Le Guérisseur (1954)
Directed by Yves Ciampi

Drama
aka: The Faith Healer

Film Review

Abstract picture representing Le Guerisseur (1954)
The benefit or otherwise of alternative medicine is a highly contentious issue today but in the 1950s it was one of the hottest topics in France.  For his sixth feature, Le Guérisseur, director Yves Ciampi took his inspiration from a notable cause célèbre, the 1950 trial of Paul Hareng for practicing unrecognised treatments in his hometown in the Jargeau region of France.  This was not the first film in which Ciampi cast a critical gaze over medical ethics in present-day France.  (Before becoming a film director in the mid-1940s, he had himself been a dedicated conventional health practitioner.)   In Un grand patron (1951), the box office hit that made him famous, Ciampi offered a pretty damning critique of the country's entire healthcare system, and his subsequent feature L'Esclave (1953) showed the perils of dependency on hard drugs.  Le Guérisseur is just as hard-hitting and topical, accurately presenting the arguments for and against alternative therapies without taking sides or offering any easy answers to what remains to this day an incredibly difficult moral problem.  The film's topicality is reflected in its impressive audience size - it attracted 1.7 million spectators on its first release in France, a significant achievement for an unapologetically polemical film dealing with such a serious and problematic subject.
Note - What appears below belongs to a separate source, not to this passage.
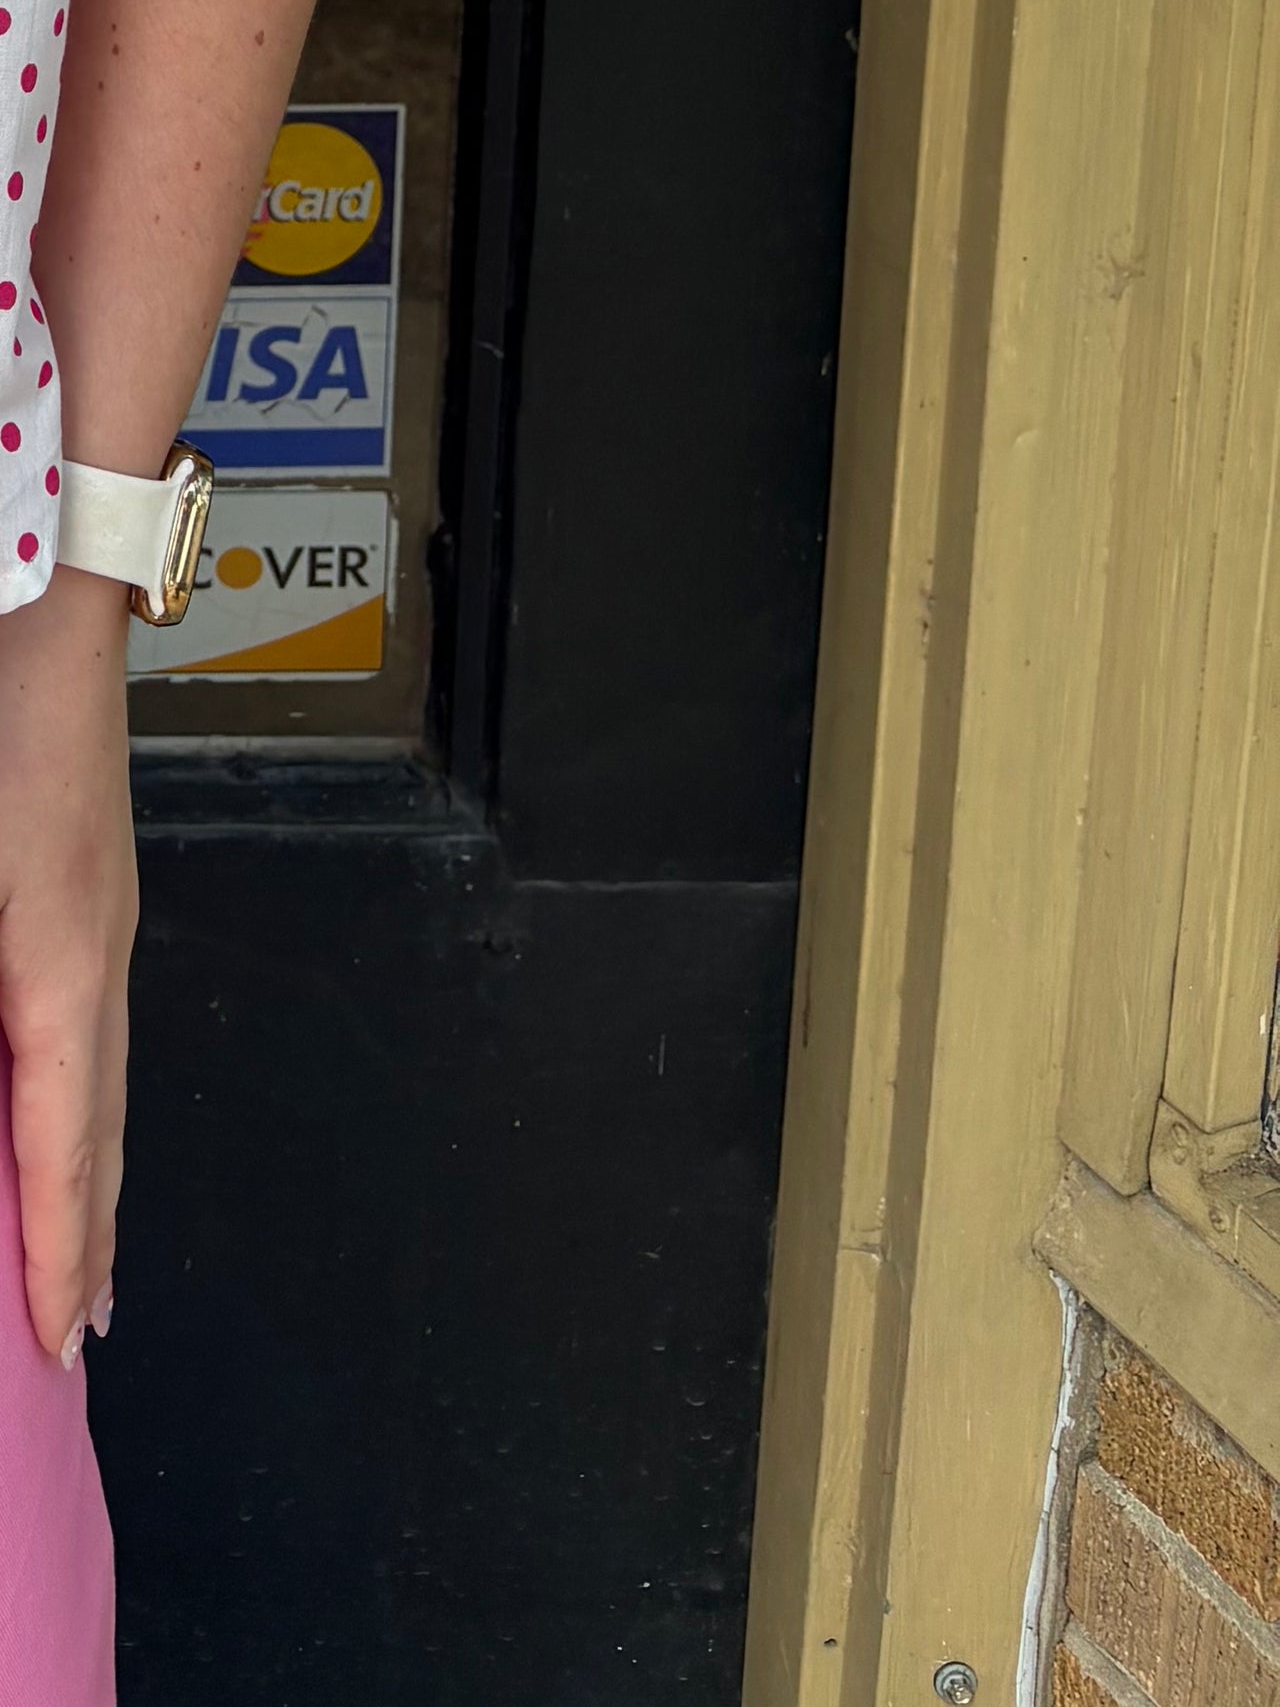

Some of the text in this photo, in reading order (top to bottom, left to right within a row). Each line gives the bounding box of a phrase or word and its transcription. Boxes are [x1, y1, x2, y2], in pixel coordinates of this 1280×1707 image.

[252, 179, 375, 222] rCard
[206, 325, 368, 403] ISA
[192, 545, 370, 590] COVER
Intelligently scripted by Pierre Véry and Jacques-Laurent Bost (the younger brother of the celebrated screenwriter Pierre Bost, frequent collaborator of Jean Aurenche and Claude Autant-Lara), Le Guérisseur makes a compelling case in favour of alternative medicine.  This is most powerfully felt in the stand-out courtroom scene in which the hero Pierre Laurent (a magnificent Jean Marais) argues that traditional medicine tends to treat the human body as a machine consisting of well-delineated components, not a conscious organism with a complex network of interactions between its physical and non-physical (i.e. mental) parts.  Laurent's thesis that medicine should encompass the mind and the spirit - thus engaging the sufferer's will to cure himself through faith - is a persuasive one and chimes with modern theories of holistic and palliative healing.  At the same time, the film does not shy away from the risks of putting too much faith in unorthodox and 'unscientific' medical treatments.  There are no miracle cures and those offer such things are manifestly charlatans who ought to be exposed as such for the public good.  The moral superiority of alternative practitioners like Pierre Laurent over the blatant fraudsters is made apparent in his acceptance of the limits of his therapies - if only the 'legitimate' medical profession exhibited such a degree of humility we might have more faith in it.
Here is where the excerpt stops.